Activity: The response should be a faithful copy of every record, with nothing left out.

Saved entries
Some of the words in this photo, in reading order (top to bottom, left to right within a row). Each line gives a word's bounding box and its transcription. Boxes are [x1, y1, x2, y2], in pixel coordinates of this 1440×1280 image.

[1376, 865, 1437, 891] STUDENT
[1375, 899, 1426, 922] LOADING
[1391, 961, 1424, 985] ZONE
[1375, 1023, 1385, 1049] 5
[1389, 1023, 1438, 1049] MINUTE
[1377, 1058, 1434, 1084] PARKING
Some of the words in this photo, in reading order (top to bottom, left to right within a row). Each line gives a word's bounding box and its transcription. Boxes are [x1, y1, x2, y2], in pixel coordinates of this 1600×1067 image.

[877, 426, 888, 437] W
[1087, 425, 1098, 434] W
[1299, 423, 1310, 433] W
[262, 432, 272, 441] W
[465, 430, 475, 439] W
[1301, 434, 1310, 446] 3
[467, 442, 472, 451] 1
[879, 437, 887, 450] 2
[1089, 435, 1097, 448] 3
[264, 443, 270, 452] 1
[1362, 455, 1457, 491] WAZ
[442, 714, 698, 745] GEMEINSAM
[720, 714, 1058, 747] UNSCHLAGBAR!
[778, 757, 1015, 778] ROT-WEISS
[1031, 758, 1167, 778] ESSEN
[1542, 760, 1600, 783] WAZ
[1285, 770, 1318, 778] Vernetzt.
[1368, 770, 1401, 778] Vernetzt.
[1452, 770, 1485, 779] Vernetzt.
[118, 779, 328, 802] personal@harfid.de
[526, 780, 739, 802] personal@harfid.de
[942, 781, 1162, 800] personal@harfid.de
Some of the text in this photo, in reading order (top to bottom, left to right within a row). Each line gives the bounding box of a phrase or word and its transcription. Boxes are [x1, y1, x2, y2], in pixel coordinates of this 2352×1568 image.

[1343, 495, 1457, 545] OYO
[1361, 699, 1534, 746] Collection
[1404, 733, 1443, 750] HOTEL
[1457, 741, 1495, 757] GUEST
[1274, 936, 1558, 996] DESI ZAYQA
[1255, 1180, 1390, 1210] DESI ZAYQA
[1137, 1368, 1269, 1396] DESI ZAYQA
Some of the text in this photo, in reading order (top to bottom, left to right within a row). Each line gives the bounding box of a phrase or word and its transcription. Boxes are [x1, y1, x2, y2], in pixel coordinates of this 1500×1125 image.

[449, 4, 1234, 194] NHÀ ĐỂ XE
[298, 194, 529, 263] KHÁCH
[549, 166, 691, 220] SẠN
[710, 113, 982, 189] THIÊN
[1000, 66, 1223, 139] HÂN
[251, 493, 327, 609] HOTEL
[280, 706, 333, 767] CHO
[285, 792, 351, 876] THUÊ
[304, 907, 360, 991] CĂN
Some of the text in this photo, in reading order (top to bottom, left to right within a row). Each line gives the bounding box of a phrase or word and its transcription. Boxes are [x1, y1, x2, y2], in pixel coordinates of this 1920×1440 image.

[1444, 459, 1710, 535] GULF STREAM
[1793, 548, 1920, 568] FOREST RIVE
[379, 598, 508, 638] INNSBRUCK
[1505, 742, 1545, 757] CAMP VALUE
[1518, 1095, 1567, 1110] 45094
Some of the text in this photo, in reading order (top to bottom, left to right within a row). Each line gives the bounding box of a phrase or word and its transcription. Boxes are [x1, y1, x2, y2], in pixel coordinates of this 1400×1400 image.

Answer box:
Some of the words in this photo, in reading order (top to bottom, left to right within a row). Each line gives a word's bounding box and its transcription. Boxes are [x1, y1, x2, y2], in pixel coordinates of this 1440×1280 image.

[1376, 865, 1437, 891] STUDENT
[1375, 899, 1426, 922] LOADING
[1391, 961, 1424, 985] ZONE
[1375, 1023, 1385, 1049] 5
[1389, 1023, 1438, 1049] MINUTE
[1377, 1058, 1434, 1084] PARKING
Some of the words in this photo, in reading order (top to bottom, left to right within a row). Each line gives a word's bounding box and its transcription. Boxes are [x1, y1, x2, y2], in pixel coordinates of this 1600×1067 image.

[877, 426, 888, 437] W
[1087, 425, 1098, 434] W
[1299, 423, 1310, 433] W
[262, 432, 272, 441] W
[465, 430, 475, 439] W
[1301, 434, 1310, 446] 3
[467, 442, 472, 451] 1
[879, 437, 887, 450] 2
[1089, 435, 1097, 448] 3
[264, 443, 270, 452] 1
[1362, 455, 1457, 491] WAZ
[442, 714, 698, 745] GEMEINSAM
[720, 714, 1058, 747] UNSCHLAGBAR!
[778, 757, 1015, 778] ROT-WEISS
[1031, 758, 1167, 778] ESSEN
[1542, 760, 1600, 783] WAZ
[1285, 770, 1318, 778] Vernetzt.
[1368, 770, 1401, 778] Vernetzt.
[1452, 770, 1485, 779] Vernetzt.
[118, 779, 328, 802] personal@harfid.de
[526, 780, 739, 802] personal@harfid.de
[942, 781, 1162, 800] personal@harfid.de
Some of the text in this photo, in reading order (top to bottom, left to right within a row). Each line gives the bounding box of a phrase or word and its transcription. Boxes are [x1, y1, x2, y2], in pixel coordinates of this 2352×1568 image.

[1343, 495, 1457, 545] OYO
[1361, 699, 1534, 746] Collection
[1404, 733, 1443, 750] HOTEL
[1457, 741, 1495, 757] GUEST
[1274, 936, 1558, 996] DESI ZAYQA
[1255, 1180, 1390, 1210] DESI ZAYQA
[1137, 1368, 1269, 1396] DESI ZAYQA
Some of the text in this photo, in reading order (top to bottom, left to right within a row). Each line gives the bounding box of a phrase or word and its transcription. Boxes are [x1, y1, x2, y2], in pixel coordinates of this 1500×1125 image.

[449, 4, 1234, 194] NHÀ ĐỂ XE
[298, 194, 529, 263] KHÁCH
[549, 166, 691, 220] SẠN
[710, 113, 982, 189] THIÊN
[1000, 66, 1223, 139] HÂN
[251, 493, 327, 609] HOTEL
[280, 706, 333, 767] CHO
[285, 792, 351, 876] THUÊ
[304, 907, 360, 991] CĂN
Some of the text in this photo, in reading order (top to bottom, left to right within a row). Each line gives the bounding box of a phrase or word and its transcription. Boxes are [x1, y1, x2, y2], in pixel coordinates of this 1920×1440 image.

[1444, 459, 1710, 535] GULF STREAM
[1793, 548, 1920, 568] FOREST RIVE
[379, 598, 508, 638] INNSBRUCK
[1505, 742, 1545, 757] CAMP VALUE
[1518, 1095, 1567, 1110] 45094
Some of the text in this photo, in reading order (top to bottom, left to right within a row). Each line gives the bounding box of a phrase or word and its transcription. Boxes are [x1, y1, x2, y2], in pixel coordinates of this 1400×1400 image.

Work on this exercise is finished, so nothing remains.